21. At that, the work while of the system is divided by 1ms time cycles, in which 1% of time period is used for transmission of 10 pulses and for reception, sequentially after each transmission, co- and cross polarized components of 10 backscattered scatterometric signals. 9% of the time period or cycle is used to protect the inputs of the radiometric receivers from the impact of the transmitter. And the remain of the time (90% of the work period) is used for reception proper radio thermal signals of the observed surface at v and h polarizations. The polarization of the transmitted signals may be changed periodically or by pre-assigned order, manually, from the system’s management control panel. The input of the system includes a parabolic antenna, an ortho-mode transducer (polarization splitter), two decoupling Y-circulators, a polarization switcher and two antenna switchers or modulators. The scatterometer was built in compliance with a structure of entire internal coherence system. The microwave oscillator’s (heterodyne) signal at ~5.35GHz is used for generation transmitter’s signals in up- converter, and is used as a local heterodyne signal for feeding the mixers of the receivers. As a source for a reference signal for the up-converter and for a phase detectors, a high stable high frequency oscillator is used at 250MHz. Transmitter’s pulse signals, as an envelope of 10 pulses with a duration of 30ns each, are formed by the pulse modulator from the continuous signals of the reference oscillator. The modulation frequency is 1MHz, and the repetition frequency of the envelope is 1KHz, at a modulation depth ~100dB. Receiver’s switcher SP3T is used as well as a modulator for a radiometer. It protects the receivers input from the transmitter pulse signal and carrier leakage as well. The first two positions of polarization switchers SP3T are used for realization of transmitted and received signals polarizations. The third positions of polarization switchers SP3T and the second position of SPDT switcher are used for switching-on the loops for internal calibration of scatterometric and radiometric channels of the system.

22. The output signals of the up-converter, through the band pass filter, come to the main (power) amplifier and are emitted at a specified polarization. Received co- and cross polarized components of the backscattered signals are converted by the receivers mixers into intermediate frequency (IF) signals and feeds the inputs of the IF pre- amplifiers. The output of the pre-amplifiers is divided in two parts, which feed inputs of scatterometric and radiometric channels IF amplifiers. The input of scatterometer channel’s IF Amplifier connects with the mixer only during scatterometer operation while. Amplified signals, at a central frequency 250MHz and a bandwidth ±50MH, come to the input of phase detector, from the outputs of which I-Q quadrature components, through the sample and hold, come to the input of the ADC (analog digital converter) and are saved by PC for real time (preliminary) and further (detail) processing. Fetch (sampling) time is equal 20ns, and the sampling instant corresponds to the commencement of the receiving of backscattered signals.
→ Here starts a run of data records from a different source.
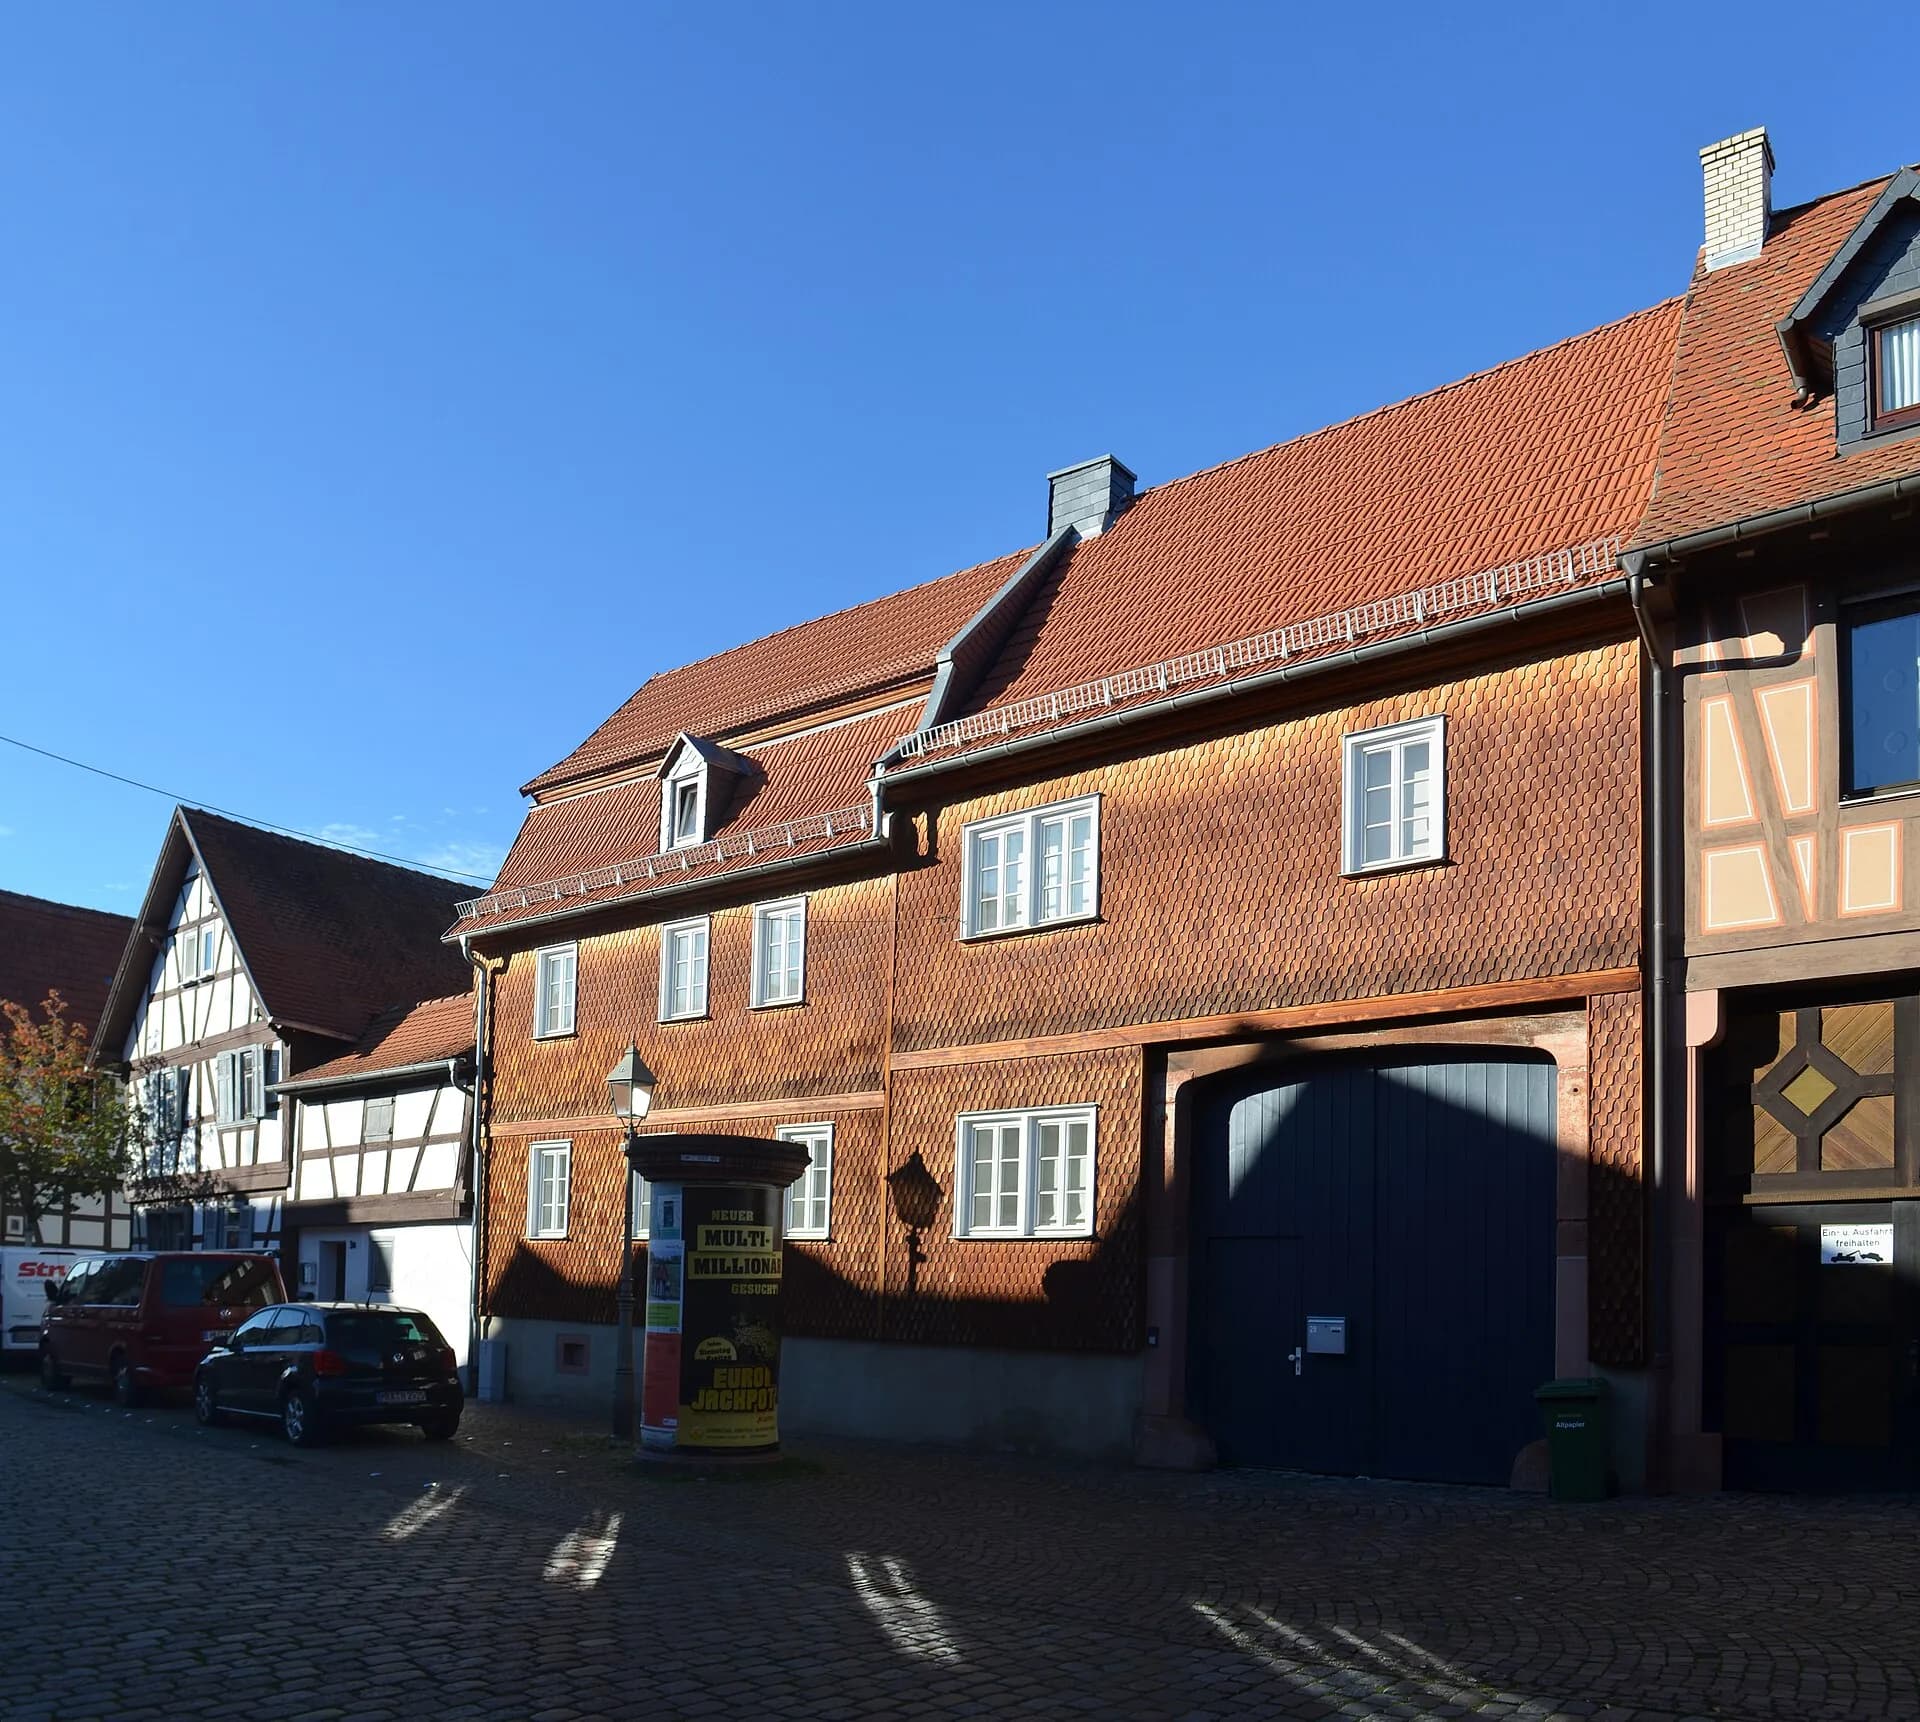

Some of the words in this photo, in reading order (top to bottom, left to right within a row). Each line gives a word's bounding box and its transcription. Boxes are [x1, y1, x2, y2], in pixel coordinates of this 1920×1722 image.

[711, 1209, 754, 1222] NEUER
[1852, 1228, 1893, 1236] Ausfahrt
[704, 1229, 770, 1247] MULTI-
[1836, 1239, 1880, 1248] freihalten
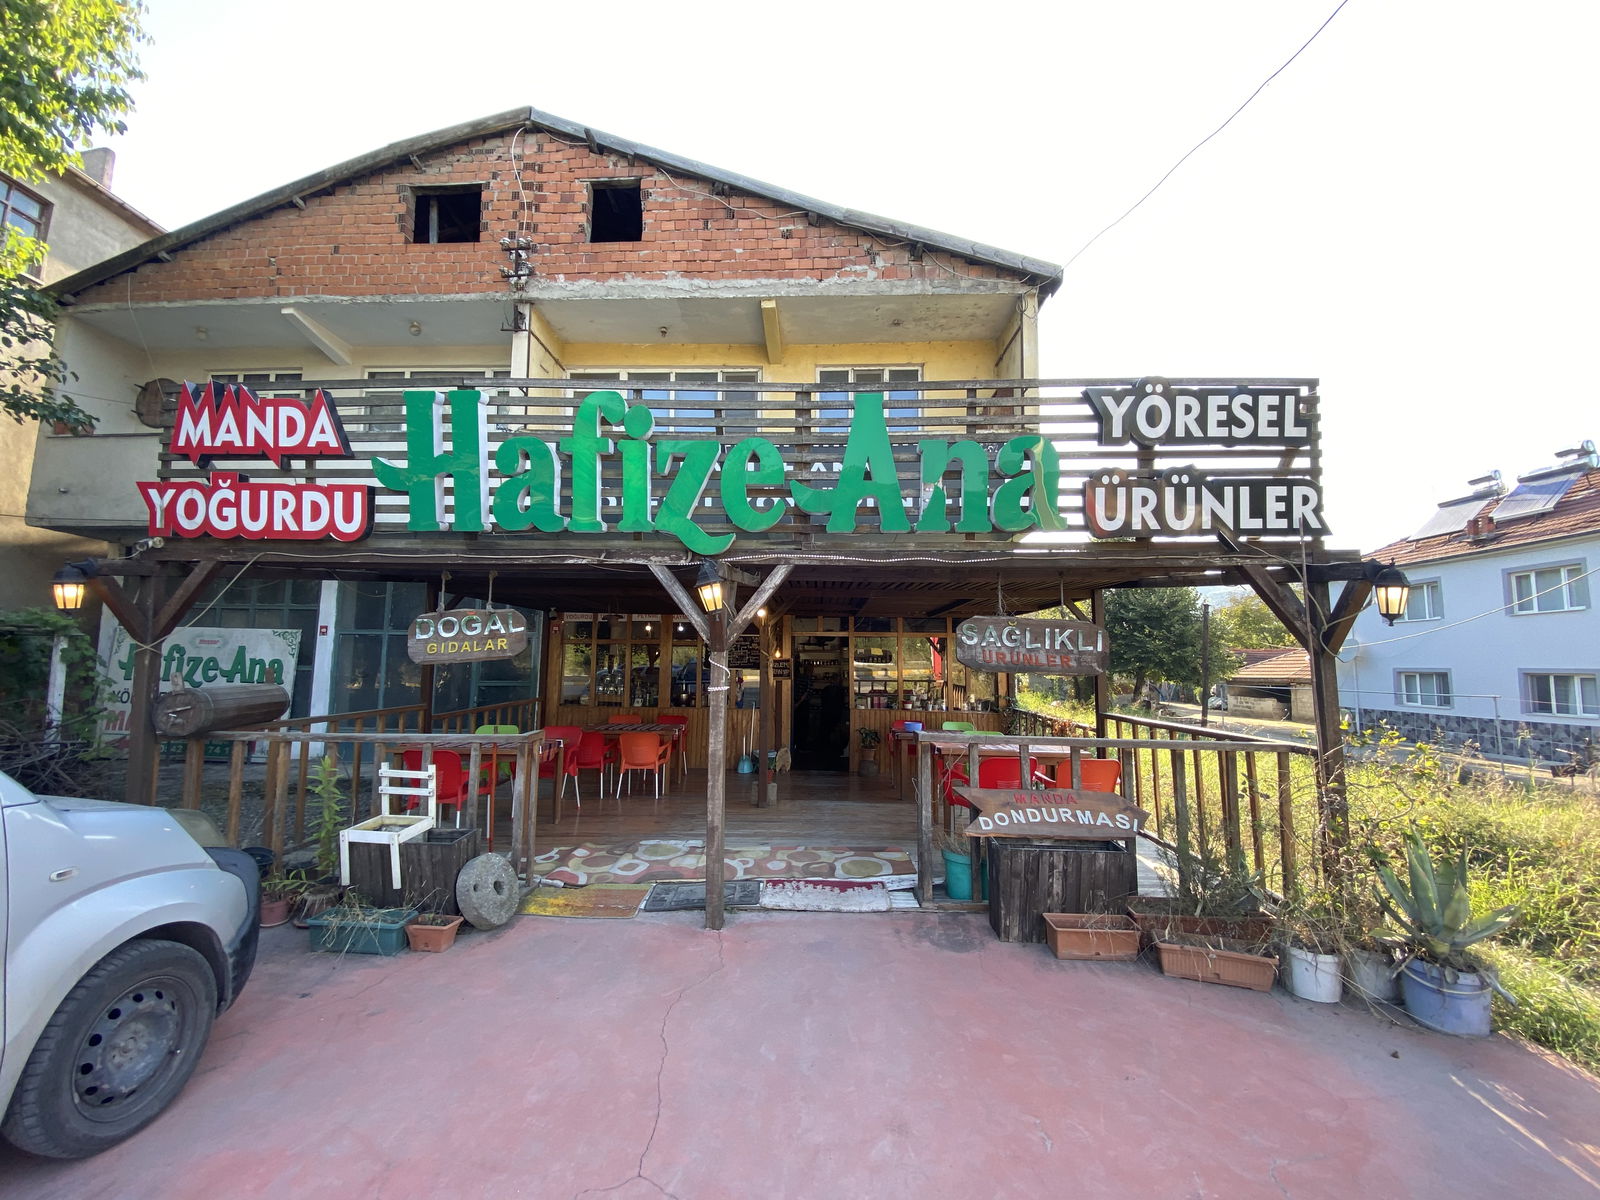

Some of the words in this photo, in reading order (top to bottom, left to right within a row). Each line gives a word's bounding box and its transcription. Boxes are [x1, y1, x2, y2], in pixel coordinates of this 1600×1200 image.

[176, 404, 341, 450] MANDA
[1101, 383, 1308, 439] YÖRESEL
[372, 389, 786, 556] Hafize
[790, 392, 1068, 533] Ana
[146, 481, 364, 534] YOĞURDU
[1094, 474, 1323, 532] ÜRÜNLER
[415, 611, 525, 640] DOĞAL
[961, 621, 1103, 652] SAĞLIKLI
[426, 638, 508, 654] GIDALAR
[1013, 793, 1078, 805] MANDA
[978, 807, 1139, 832] DONDURMASI
23. The Dicke radiometers use two reference noise temperature levels in the section of their equivalent loads. Such a construction provides gain and noise insensibility and allow carry out continuous calibration. During radiometers’ work period, the receivers’ inputs, by turns of 1KHz frequency, connects to appropriate antenna outputs and to the equivalent load sections outputs (switched of Modulators) by means of the antenna switcher. Switching times to antenna and to equivalent load are equal and constitutes a half of the radiometer modulation time. Input noise signals for the equivalent load section, for creation of a necessary pilot signal, has a modulation frequency 2KHz. It is generated by a noise generator developed on the basis of 1A404a varactor, worked at an avalanche breakdown condition. Modulated noise signals, converted in the mixer and gain in the radiometer IF amplifier, through a synchronous detector and integrator come to the input of the ADC and in parallel with the scatterometer signals are saved by PC. For radiometric receiver’s internal calibration the second noise generator is used, developed as well on the basis of the 1A404a varactor, worked at an avalanche breakdown condition.